Stabilization of formate dehydrogenase from Candida boidinii through liposome-assisted complexation with cofactors

The activity of formate dehydrogenase from Candida boidinii (CbFDH) was stabilized at 60 °C through interaction with its cofactor (NAD+ or NADH) in the liposomal aqueous phase. The activity of 8.0 μM free CbFDH without liposomal encapsulation progressively decreased at 60 °C in Tris buffer of pH 8.5 following the first-order kinetics. Free CbFDH without cofactor showed the half-life of enzyme activity t1/2 of 3.5 min, while t1/2 increased to 22 and 236 min with 15 mM NAD+ and 4.5 mM NADH, respectively.
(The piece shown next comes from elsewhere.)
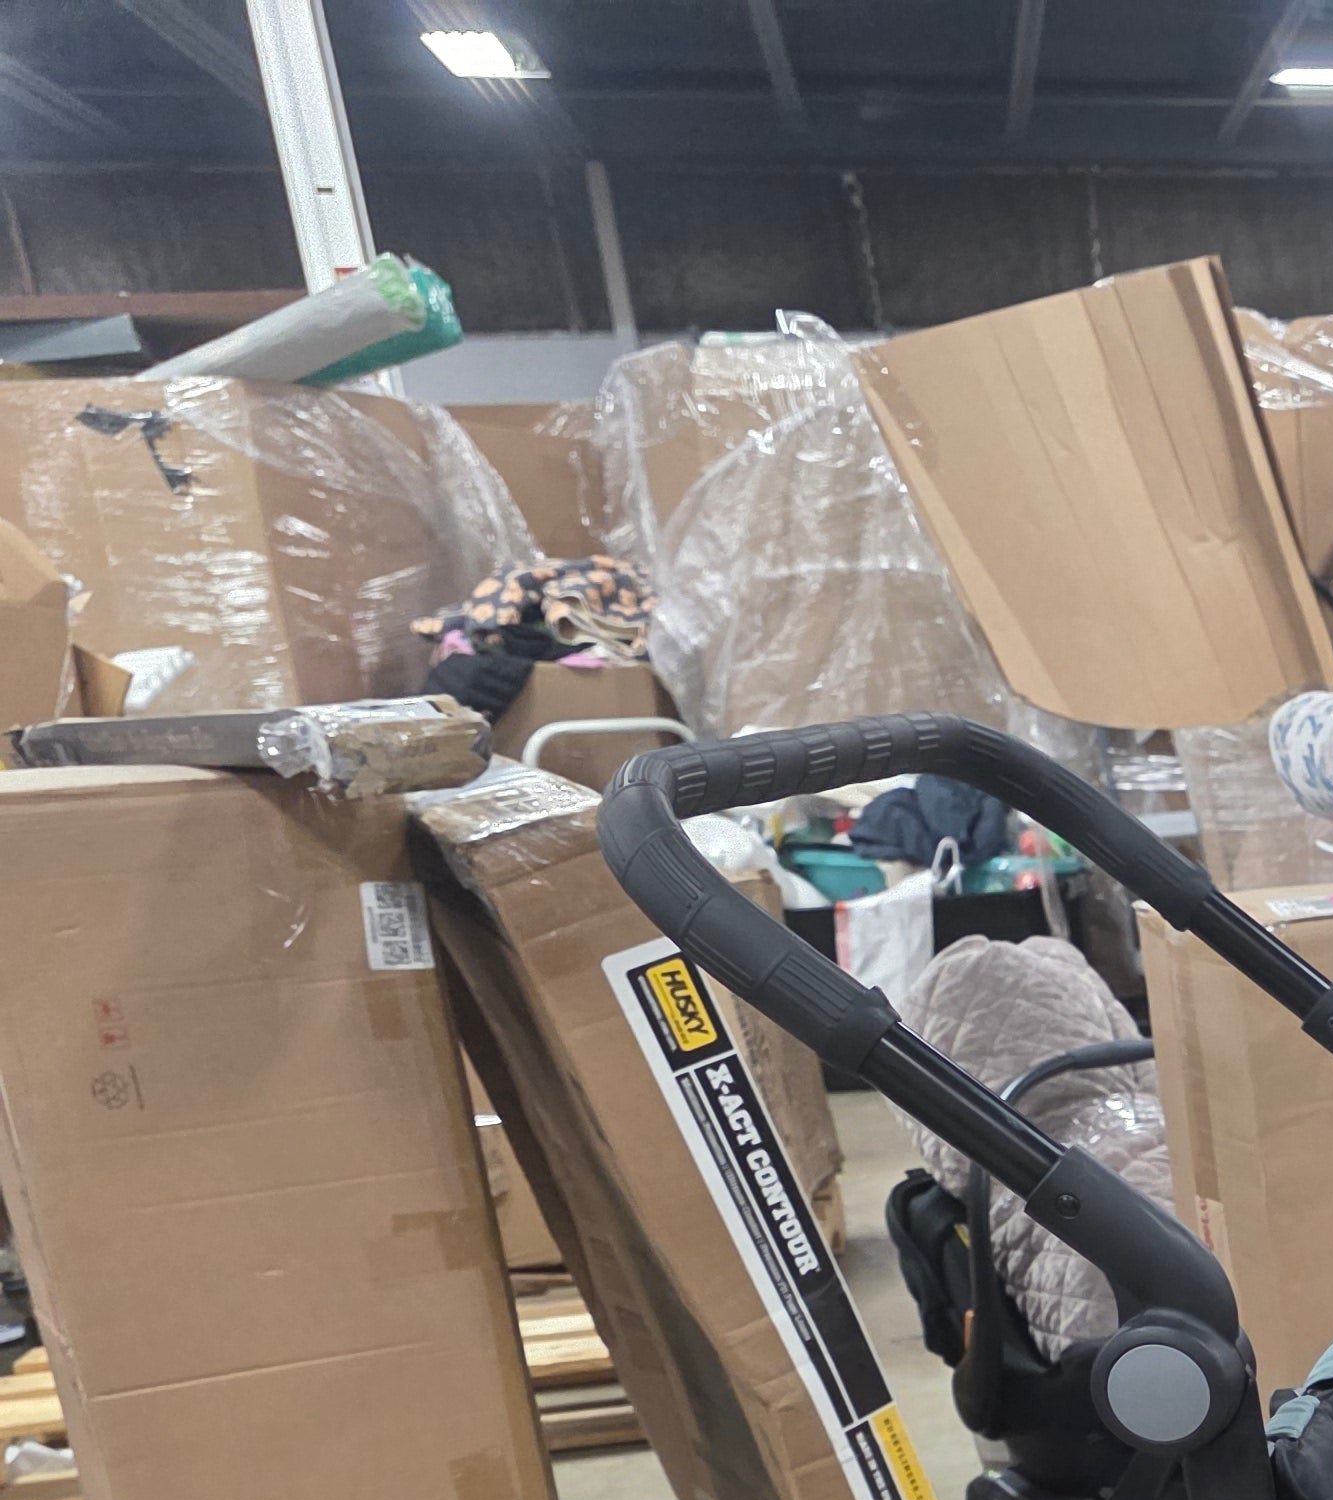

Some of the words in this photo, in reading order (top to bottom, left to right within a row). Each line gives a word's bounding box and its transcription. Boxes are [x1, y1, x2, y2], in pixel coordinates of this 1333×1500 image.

[661, 969, 709, 1036] HUSKY
[705, 1063, 762, 1147] X-ACT
[746, 1148, 819, 1276] CONTOUR
Turbidity measurements revealed that the free CbFDH and CbFDH/NAD+ became their aggregate-prone states at 60 °C. For the liposomal CbFDH/cofactor systems, the cofactor-induced stabilization of CbFDH was also observed. Typically, the liposomal 6.0 μM CbFDH/4.3 mM NAD+ showed significantly large t1/2 of 36 min compared to the corresponding free CbFDH/NAD+ (t1/2 = 8.9 min). Mixing of free CbFDH/NAD+ with the enzyme-free liposomes resulted in the insufficient interaction between liposomes and CbFDH showing t1/2 of 14 min. The results obtained demonstrate that the lipid membrane assists the formation of highly thermostable enzyme–cofactor complex through stabilizing the structure of the liposome-encapsulated CbFDH.